┌─ INFORMATION PROVIDED

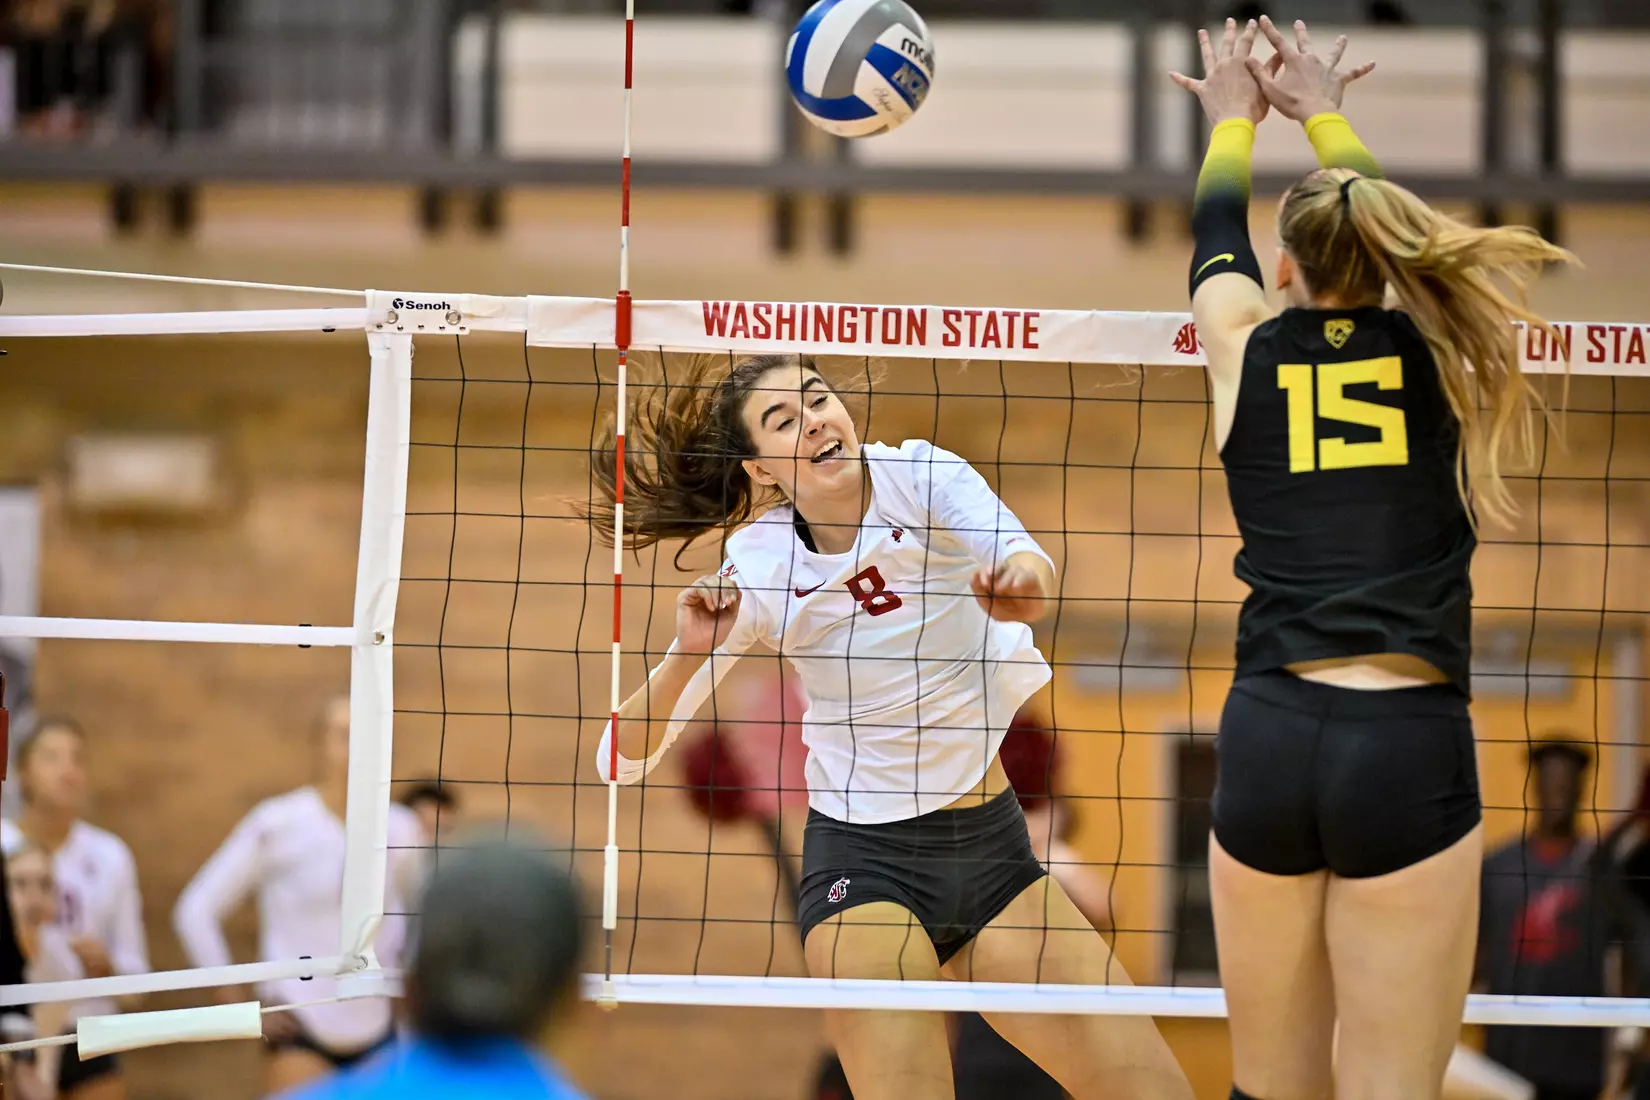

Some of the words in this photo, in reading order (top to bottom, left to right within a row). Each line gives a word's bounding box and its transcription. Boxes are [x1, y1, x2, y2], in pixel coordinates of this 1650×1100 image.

[405, 300, 451, 311] Senoh
[701, 301, 928, 347] WASHINGTON
[942, 308, 1040, 350] STATE
[1586, 325, 1650, 364] STA
[1277, 355, 1409, 474] 15
[842, 565, 903, 617] 8
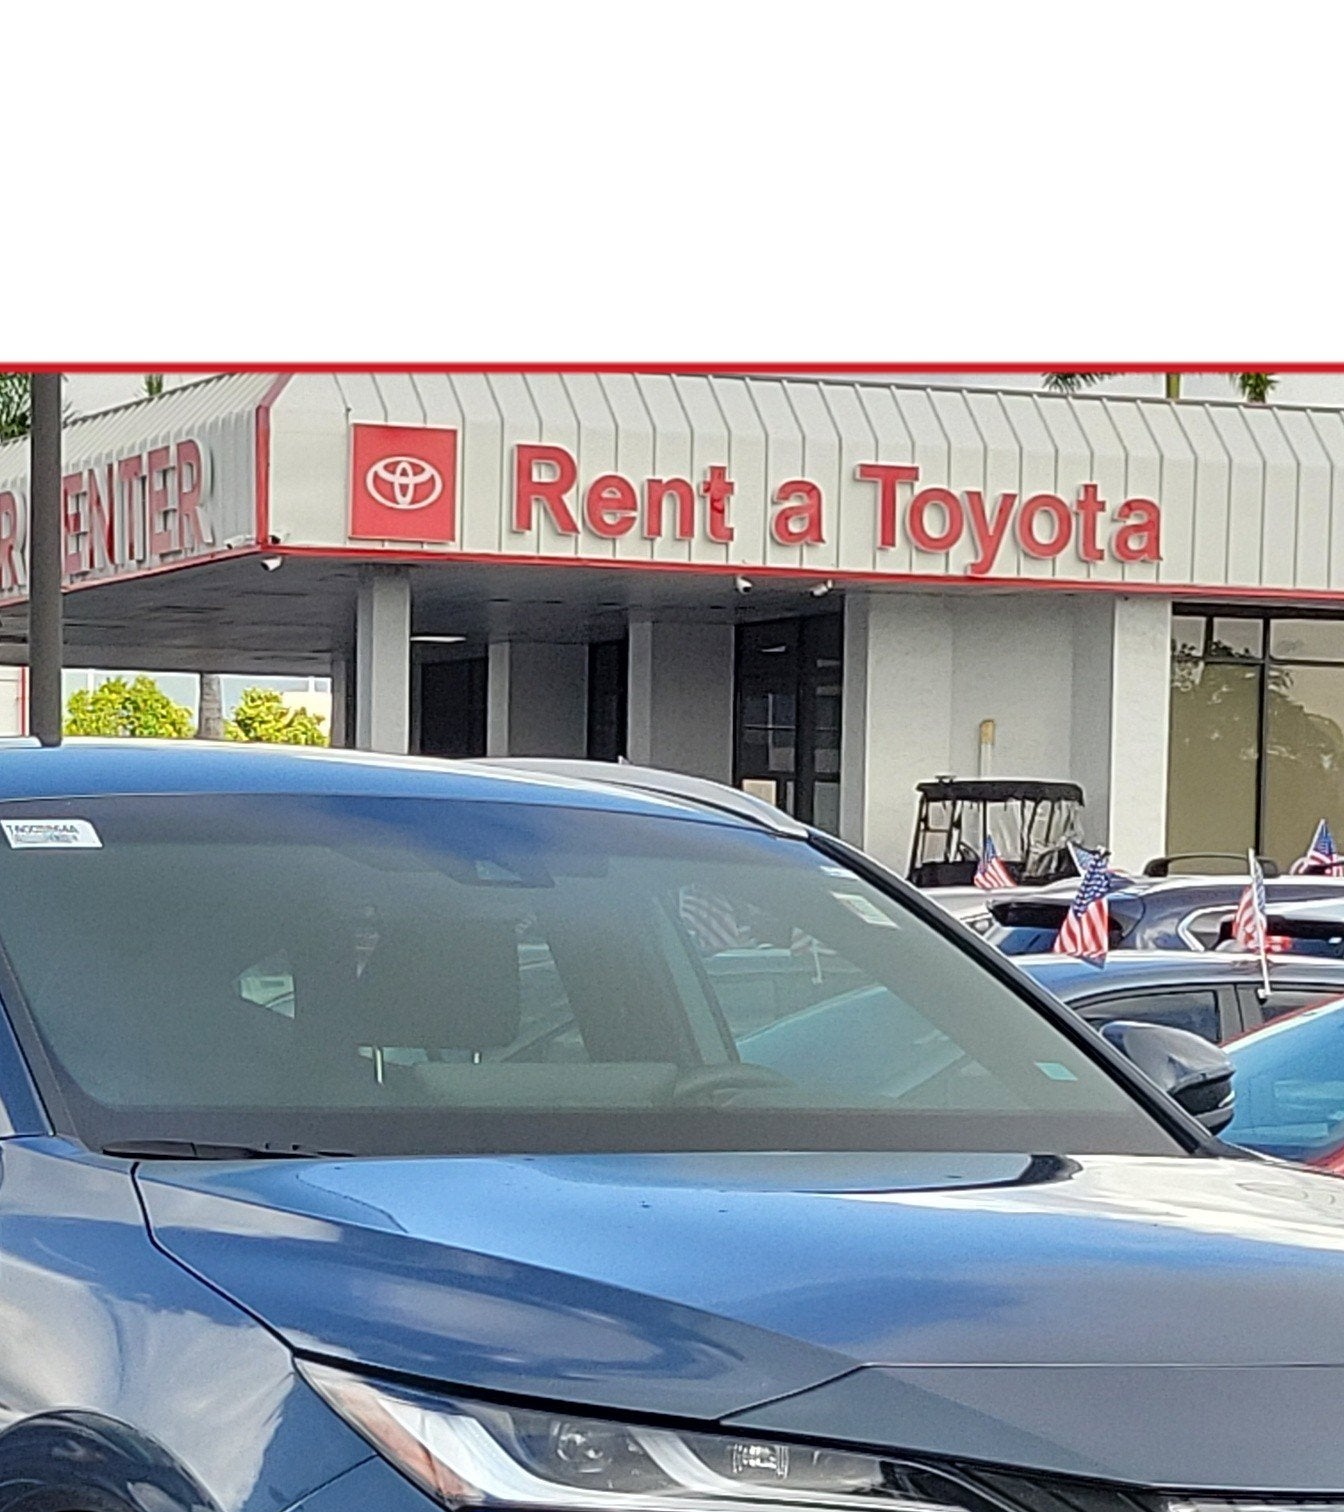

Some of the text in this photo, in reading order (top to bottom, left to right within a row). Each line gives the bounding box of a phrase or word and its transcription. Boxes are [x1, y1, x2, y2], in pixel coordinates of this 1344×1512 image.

[61, 437, 213, 578] ENTER
[513, 444, 1163, 575] Rent a Toyota

└─

THE TASK:
Write out word for word every line from the one containing "Some of the text" through the last line of the data, and no other line.

WRITTEN REPLY:
Some of the text in this photo, in reading order (top to bottom, left to right within a row). Each line gives the bounding box of a phrase or word and its transcription. Boxes are [x1, y1, x2, y2], in pixel coordinates of this 1344×1512 image.

[61, 437, 213, 578] ENTER
[513, 444, 1163, 575] Rent a Toyota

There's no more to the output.